Print every entry exactly once more, omitting each picture.

** Supplied data follows **

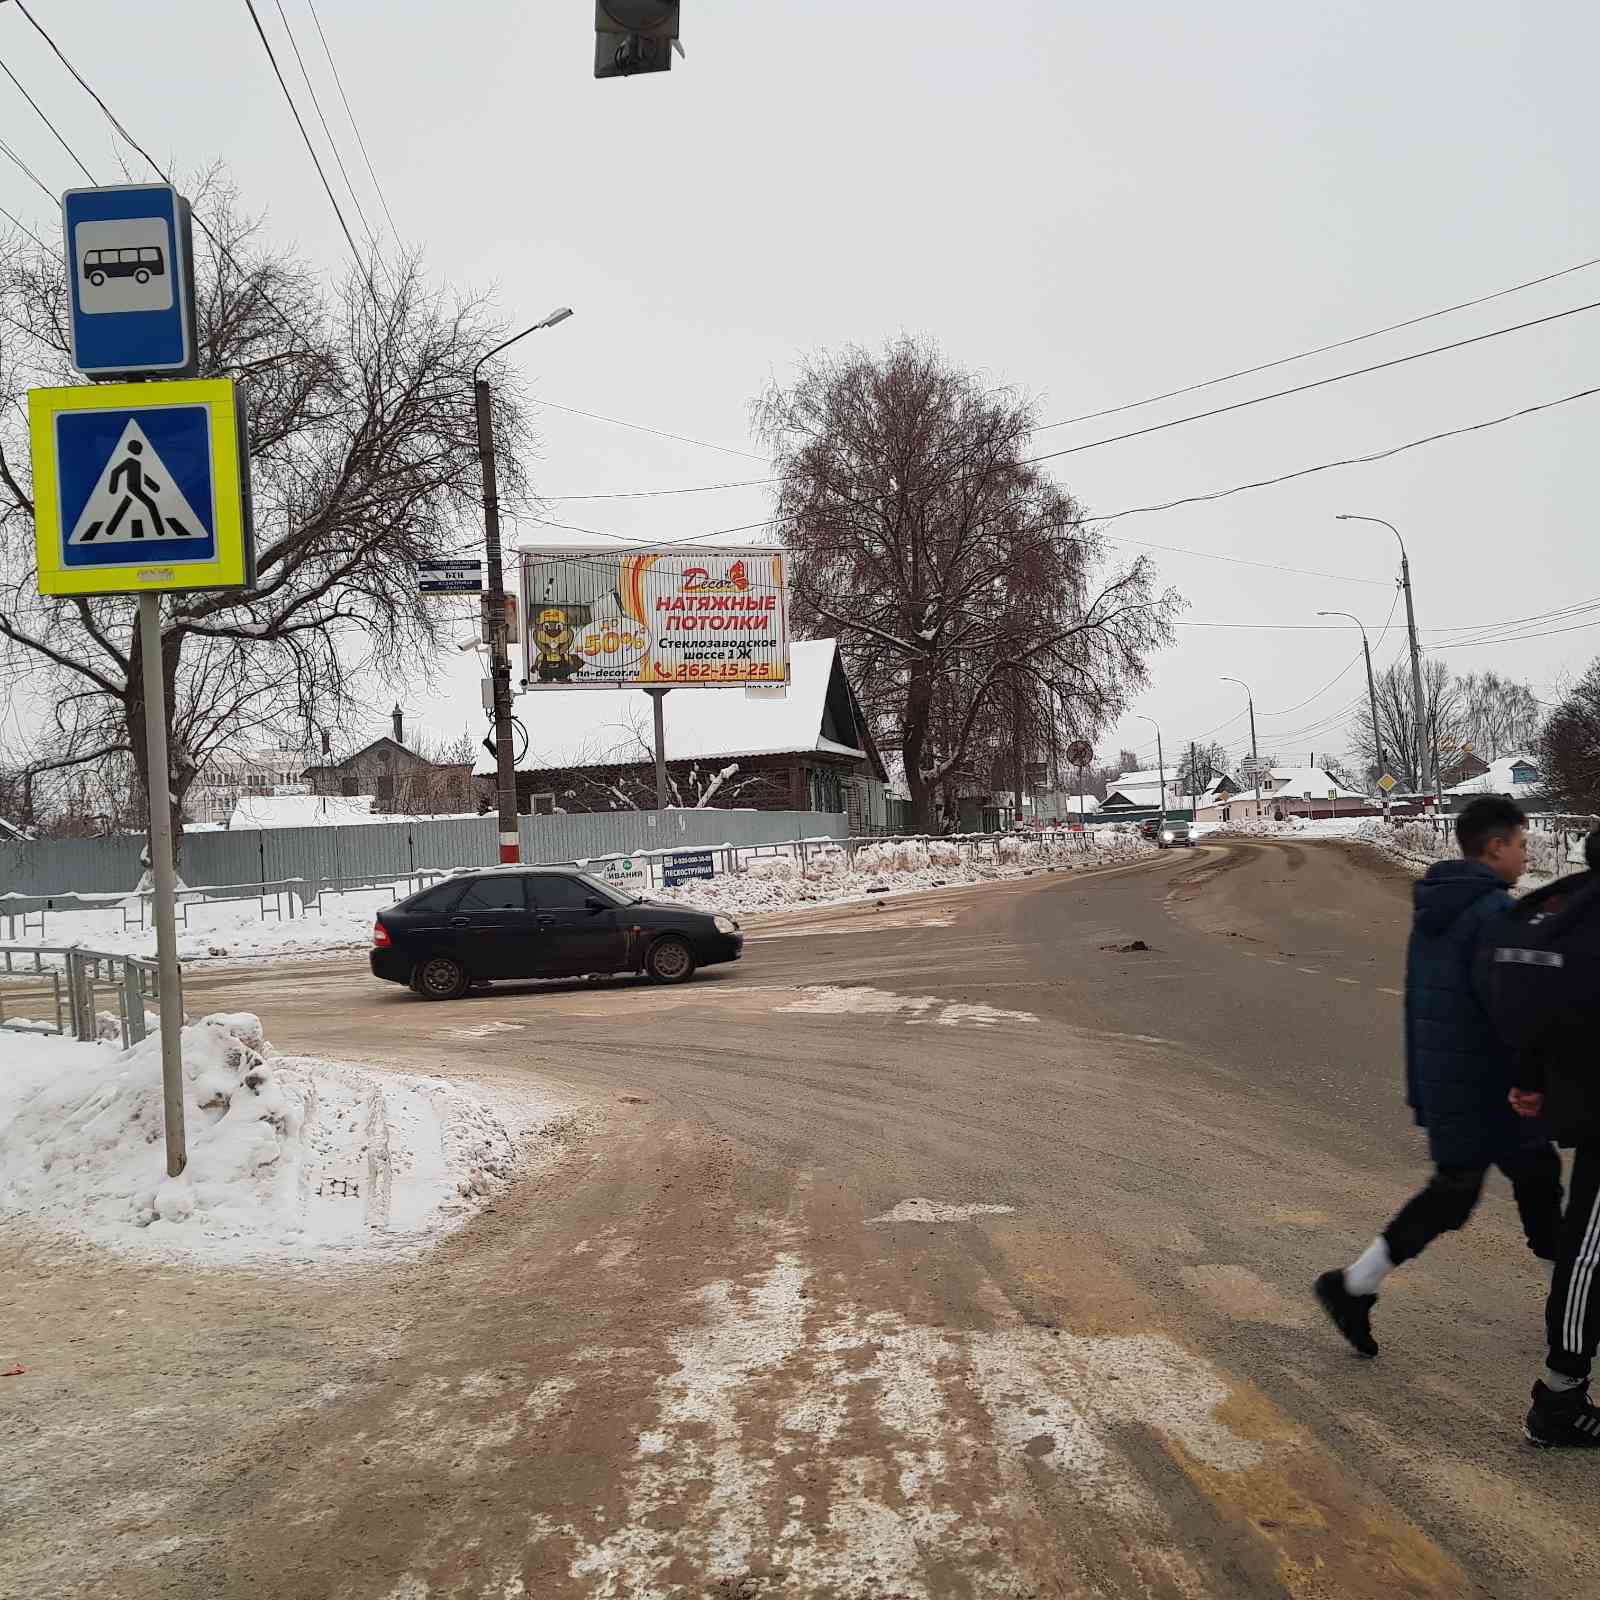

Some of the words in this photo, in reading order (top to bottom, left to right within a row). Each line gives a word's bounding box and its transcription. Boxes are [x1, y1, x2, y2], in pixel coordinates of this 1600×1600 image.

[682, 567, 732, 589] Decor
[656, 595, 776, 611] НАТЯЖНЫЕ
[666, 615, 769, 631] ПОТОЛКИ
[658, 637, 777, 649] Стеклозаводское
[683, 650, 725, 660] шоссе
[727, 650, 734, 659] 1
[736, 648, 753, 660] Ж
[576, 669, 640, 678] nn-decor.ru
[676, 662, 770, 677] 262-15-25
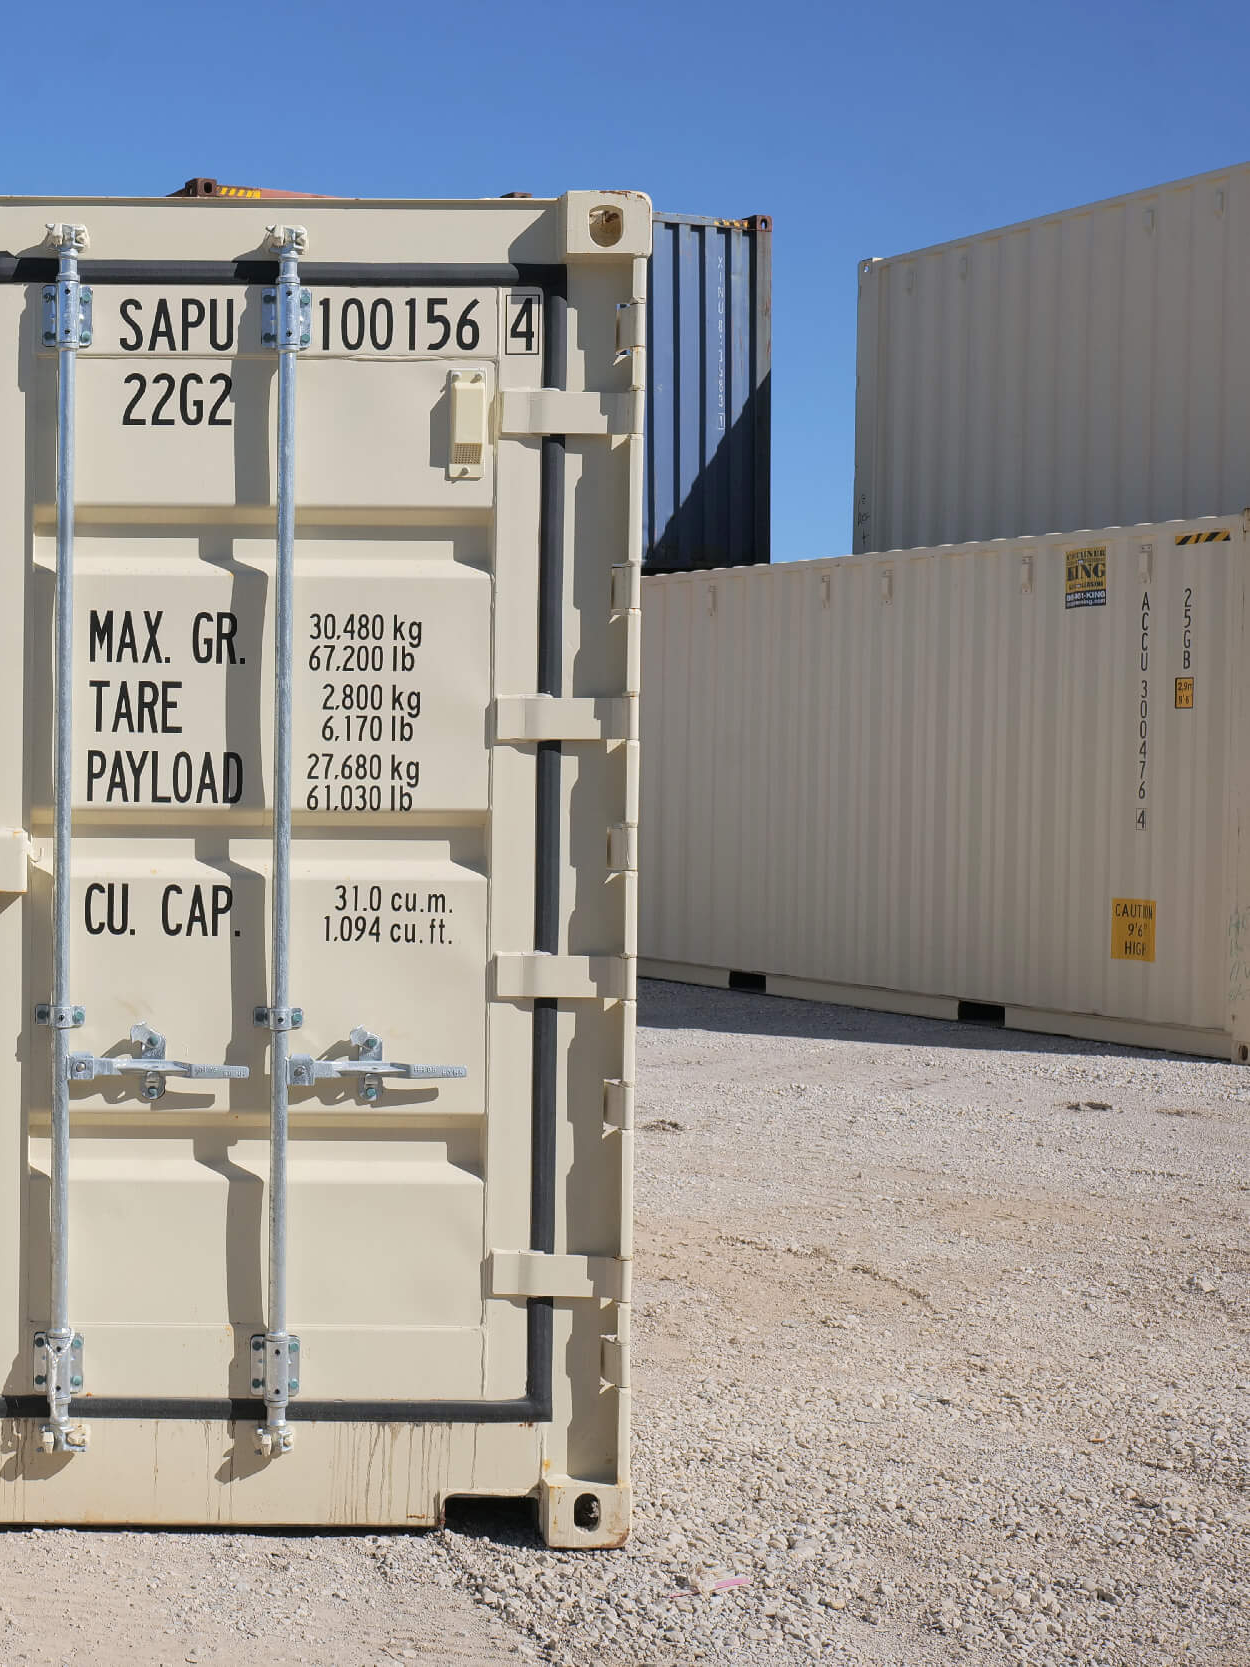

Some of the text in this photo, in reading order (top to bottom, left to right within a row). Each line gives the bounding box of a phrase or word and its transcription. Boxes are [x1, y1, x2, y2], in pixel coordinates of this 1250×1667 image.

[717, 256, 725, 314] XINU
[119, 297, 536, 352] SAPU 100156 4
[122, 372, 233, 427] 22G2
[88, 609, 247, 665] MAX. GR.
[393, 614, 423, 649] kg
[1141, 592, 1150, 671] ACCU
[1182, 588, 1192, 670] 25GB
[392, 645, 416, 672] lb
[89, 680, 183, 733] TARE
[391, 684, 422, 719] kg
[391, 715, 414, 742] lb
[1139, 680, 1148, 799] 300476
[86, 750, 244, 804] PAYLOAD
[390, 754, 420, 789] kg
[390, 785, 413, 812] lb
[84, 882, 241, 937] CU. CAP.
[334, 884, 454, 914] 31.0 cu.m.
[1115, 903, 1153, 920] CAUTION
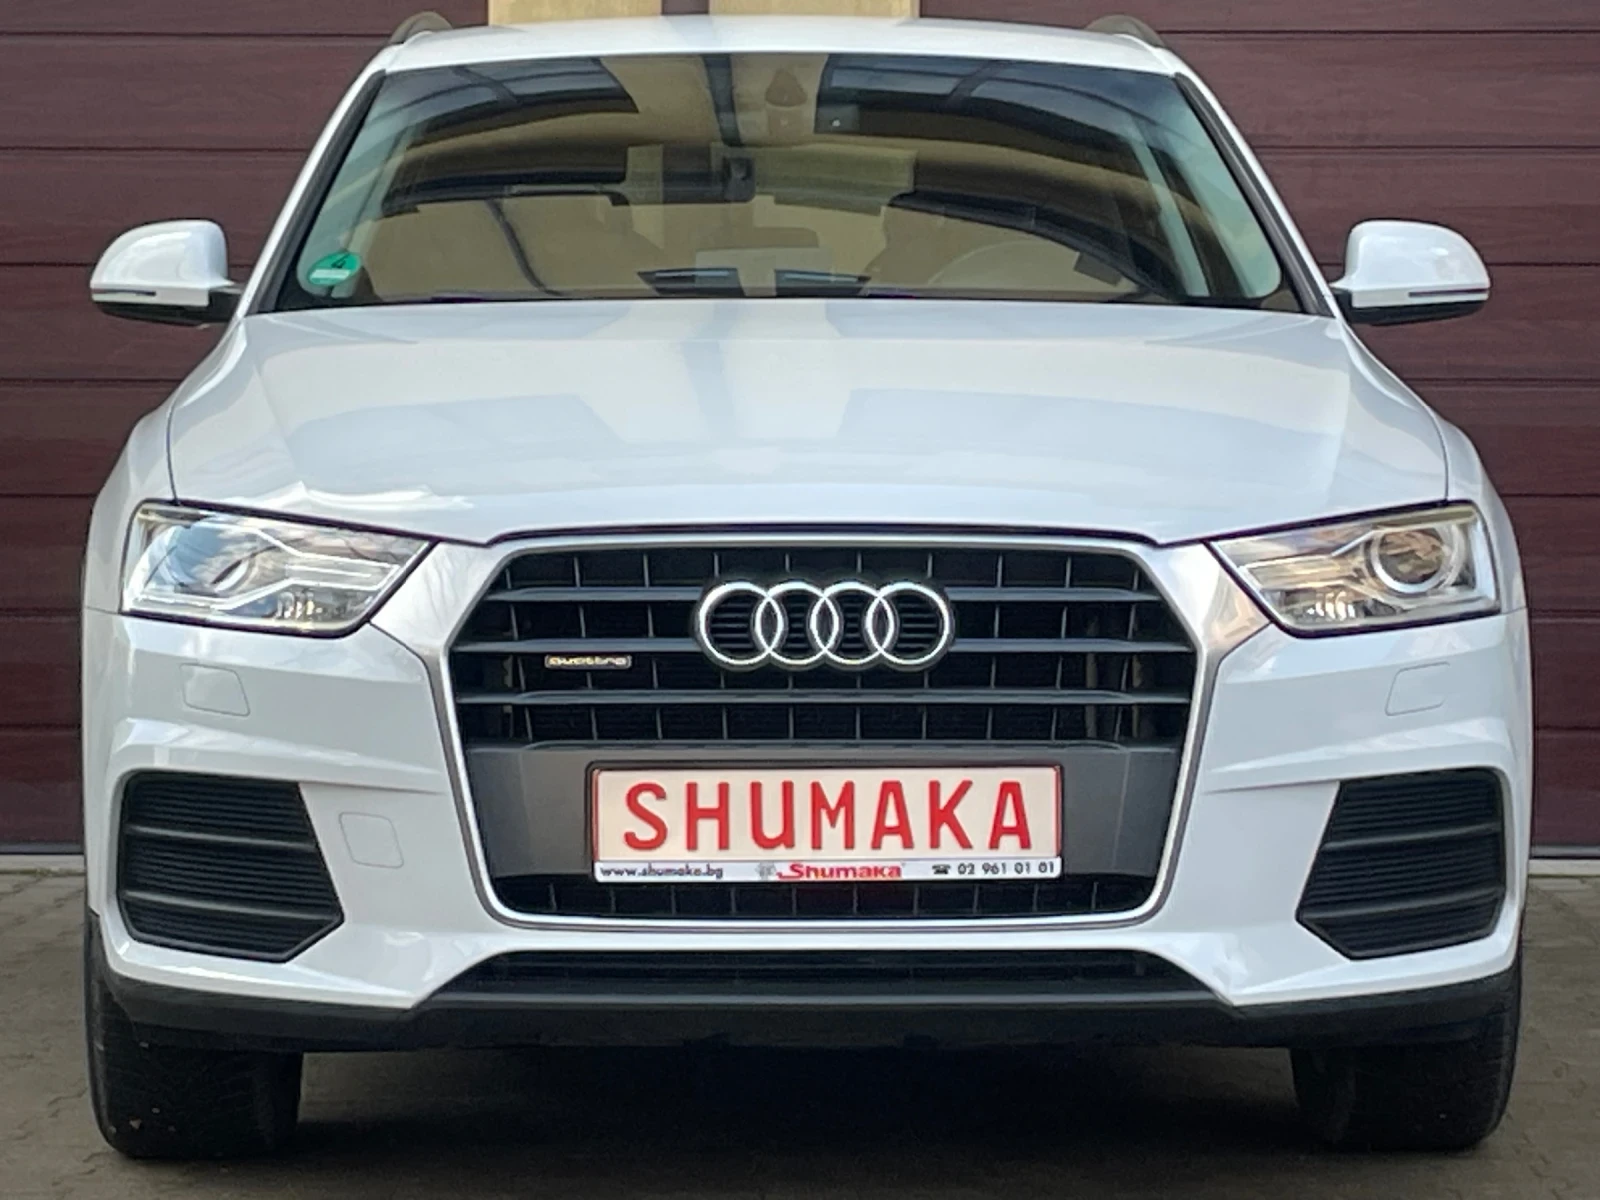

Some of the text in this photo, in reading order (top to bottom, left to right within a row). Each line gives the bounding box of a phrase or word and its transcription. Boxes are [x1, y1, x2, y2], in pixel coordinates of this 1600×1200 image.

** End of Supplied data **

__Written solution__.
Some of the words in this photo, in reading order (top to bottom, left to right within a row). Each line gives a word's bounding box and its transcription. Boxes are [x1, y1, x2, y2], in pixel coordinates of this 1600×1600 image.

[682, 567, 732, 589] Decor
[656, 595, 776, 611] НАТЯЖНЫЕ
[666, 615, 769, 631] ПОТОЛКИ
[658, 637, 777, 649] Стеклозаводское
[683, 650, 725, 660] шоссе
[727, 650, 734, 659] 1
[736, 648, 753, 660] Ж
[576, 669, 640, 678] nn-decor.ru
[676, 662, 770, 677] 262-15-25

Some of the text in this photo, in reading order (top to bottom, left to right within a row). Each line gives the bounding box of a phrase or word and its transcription. Boxes are [x1, y1, x2, y2], in pixel coordinates of this 1250×1667 image.

[717, 256, 725, 314] XINU
[119, 297, 536, 352] SAPU 100156 4
[122, 372, 233, 427] 22G2
[88, 609, 247, 665] MAX. GR.
[393, 614, 423, 649] kg
[1141, 592, 1150, 671] ACCU
[1182, 588, 1192, 670] 25GB
[392, 645, 416, 672] lb
[89, 680, 183, 733] TARE
[391, 684, 422, 719] kg
[391, 715, 414, 742] lb
[1139, 680, 1148, 799] 300476
[86, 750, 244, 804] PAYLOAD
[390, 754, 420, 789] kg
[390, 785, 413, 812] lb
[84, 882, 241, 937] CU. CAP.
[334, 884, 454, 914] 31.0 cu.m.
[1115, 903, 1153, 920] CAUTION

Some of the text in this photo, in reading order (top to bottom, left to right within a row). Each line gives the bounding box of a phrase or word and its transcription. Boxes are [x1, y1, x2, y2], in pixel coordinates of this 1600×1200 image.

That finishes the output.